Since then this kind of early depth testing has been embraced by the specifications which now give you more control over it’s operation.

Thanks to all your links and descriptions, that has helped a lot!!!

:slight_smile:

here again, I don’t get it 100%: how can the fragment shader, which comes AFTER possible early Z-tests prevent those?

Or is there a kind of test run for the first pixel or something like that, so that the whole pipeline is shortly ‘tested’ or ‘checked’ and then ‘certified’ to go?

Cheers!

By preventing early depth tests from being used. Transparent (i.e. “under the hood”) early depth optimisations can only be used when the implementation can determine that it is safe to do so. Later versions allow the shader code to control the use of early depth (and stencil) tests via the [var]early_fragment_tests[/var] layout qualifier, so that they can be enabled even in situations where it has an observable effect.

No, the tests are performed statically. E.g. if a fragment shader statically assigns to gl_FragDepth (i.e. there’s an assignment statement with gl_FragDepth on the left hand side, even if it’s within a conditional will never actually executes), then early tests won’t be enabled as a transparent optimisation. Similarly for image stores, atomic operations, etc, which are supposed to be executed even for fragments which fail the depth or stencil tests. And the use of [var]discard[/var] statements will prevent the depth value from being written prior to execution of the fragment shader, although the implementation can still skip the fragment shader entirely (along with writing the depth and stencil value) if an early fragment test fails (provided that stencil indices aren’t modified if the depth test fails).
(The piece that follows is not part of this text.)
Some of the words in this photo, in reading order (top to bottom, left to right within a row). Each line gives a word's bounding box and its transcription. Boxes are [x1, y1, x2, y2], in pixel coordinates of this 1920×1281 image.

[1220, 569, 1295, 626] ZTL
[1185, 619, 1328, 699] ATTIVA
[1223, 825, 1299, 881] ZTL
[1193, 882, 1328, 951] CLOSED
However, early fragment tests can still be enabled explicitly by the early_fragment_tests qualifier. Doing so moves the burden of maintaining correctness from the implementation to the application. Also, if the fragment shader applies one of the depth_{greater,less,unchanged} qualifiers to gl_FragDepth, transparent early depth tests may still be used even if the shader statically assigns to gl_FragDepth.
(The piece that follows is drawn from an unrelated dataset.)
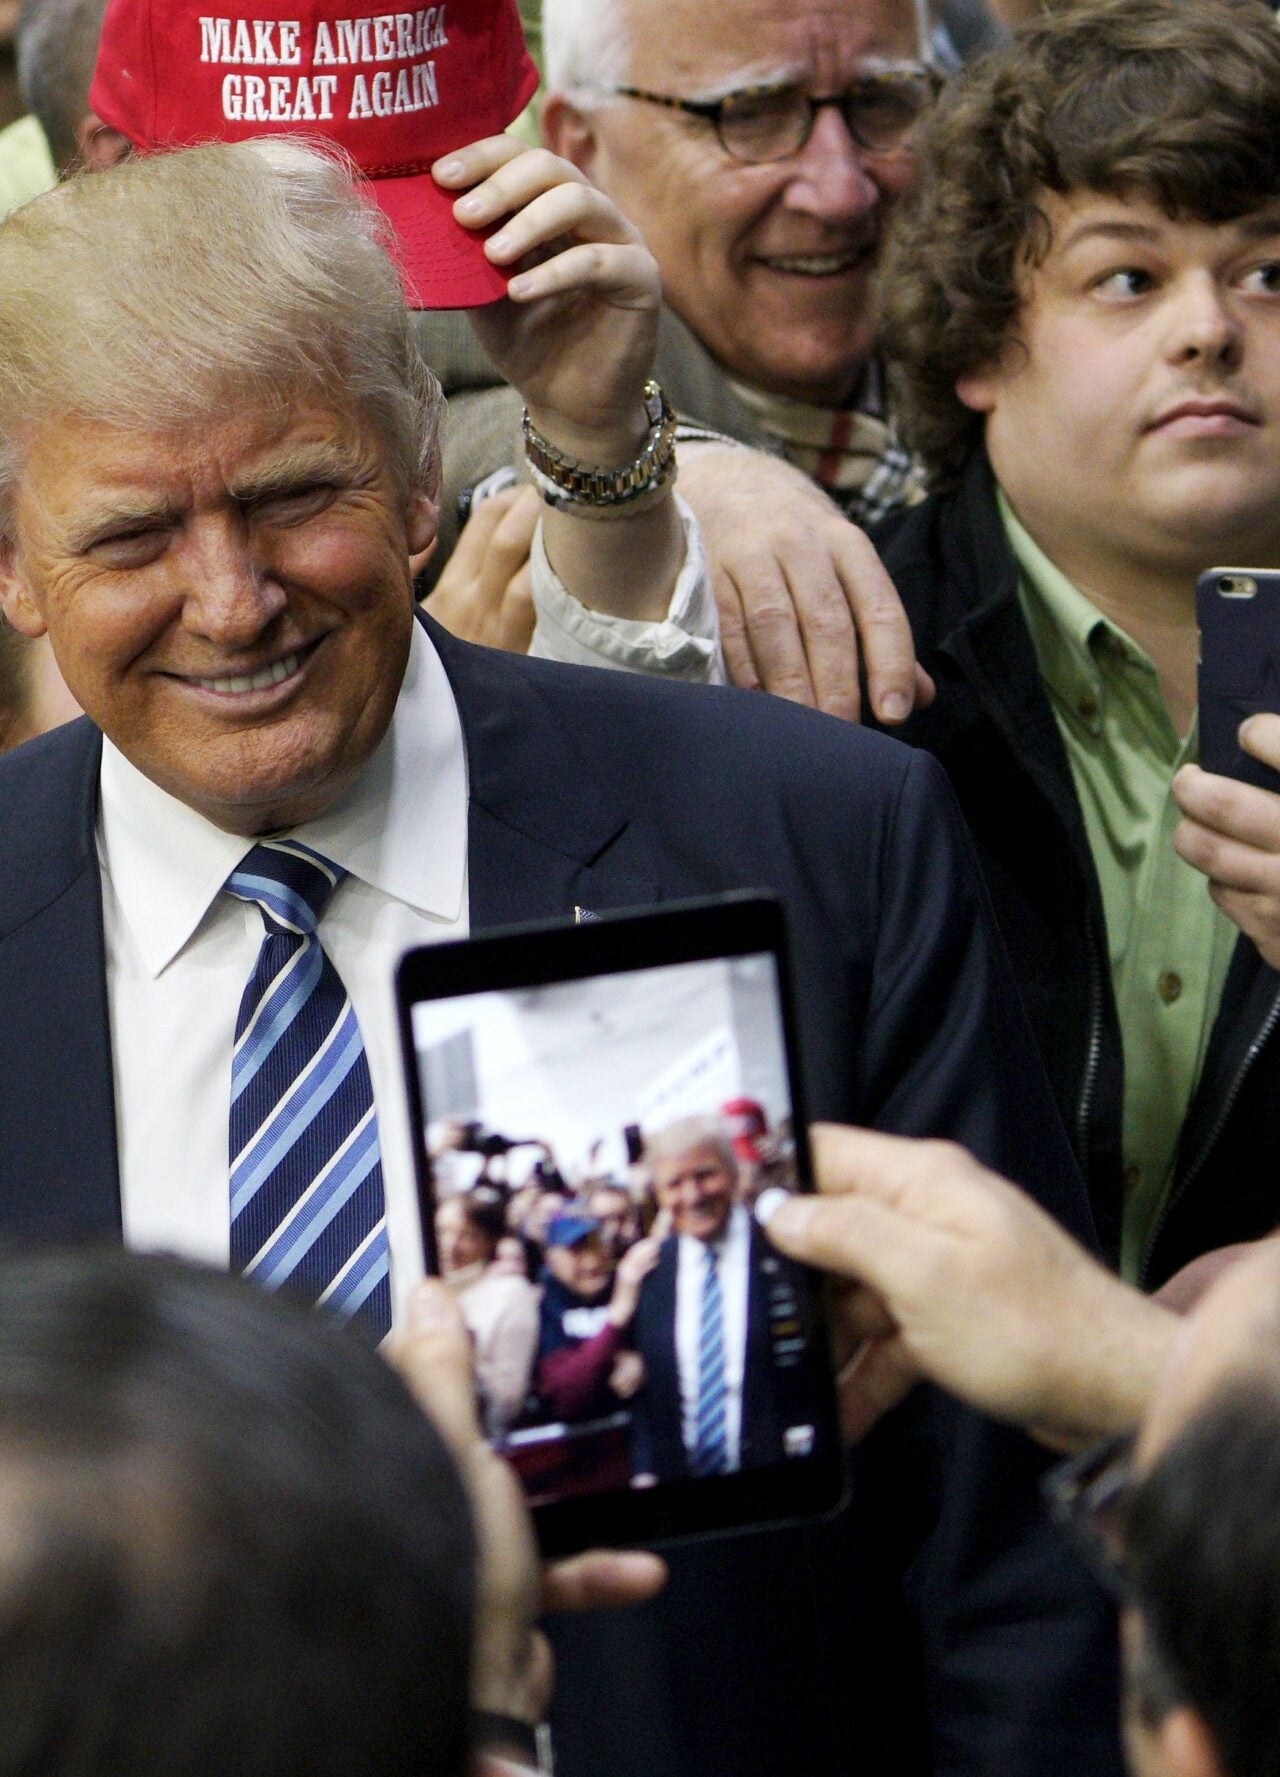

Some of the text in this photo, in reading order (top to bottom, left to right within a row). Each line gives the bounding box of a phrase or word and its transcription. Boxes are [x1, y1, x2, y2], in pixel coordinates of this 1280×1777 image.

This pipeline might deserve to settle in the official OpenGL wiki, as for your description which look far more up to date than the official documentation (and thus would help old-pipeline-minded people like me to remain up to date).

To my opinion.

This looks very interesting. Is this commonly used ? I must admit it’s the first time I’m hearing about that.

id Software did it back in the Quake days. It involves splitting the depth depth buffer in two, using depth range 0…0.5 and 1…0.5 on alternate frames, also reversing the sense of the depth test on the same alternate frames. Code.

This mostly affects hierarchical-Z schemes. Because the depth buffer is never cleared, it never gets reset to it’s “compressed” state, and so the hardware can’t take advantage.

[QUOTE=mhagain;1285362]id Software did it back in the Quake days. It involves splitting the depth depth buffer in two, using depth range 0…0.5 and 1…0.5 on alternate frames, also reversing the sense of the depth test on the same alternate frames. Code.

This mostly affects hierarchical-Z schemes. Because the depth buffer is never cleared, it never gets reset to it’s “compressed” state, and so the hardware can’t take advantage.[/QUOTE]

Thank you.

that helped! Sounds like I should do less theory and more programming :wink:

thanks to you and all the others for helping me out!!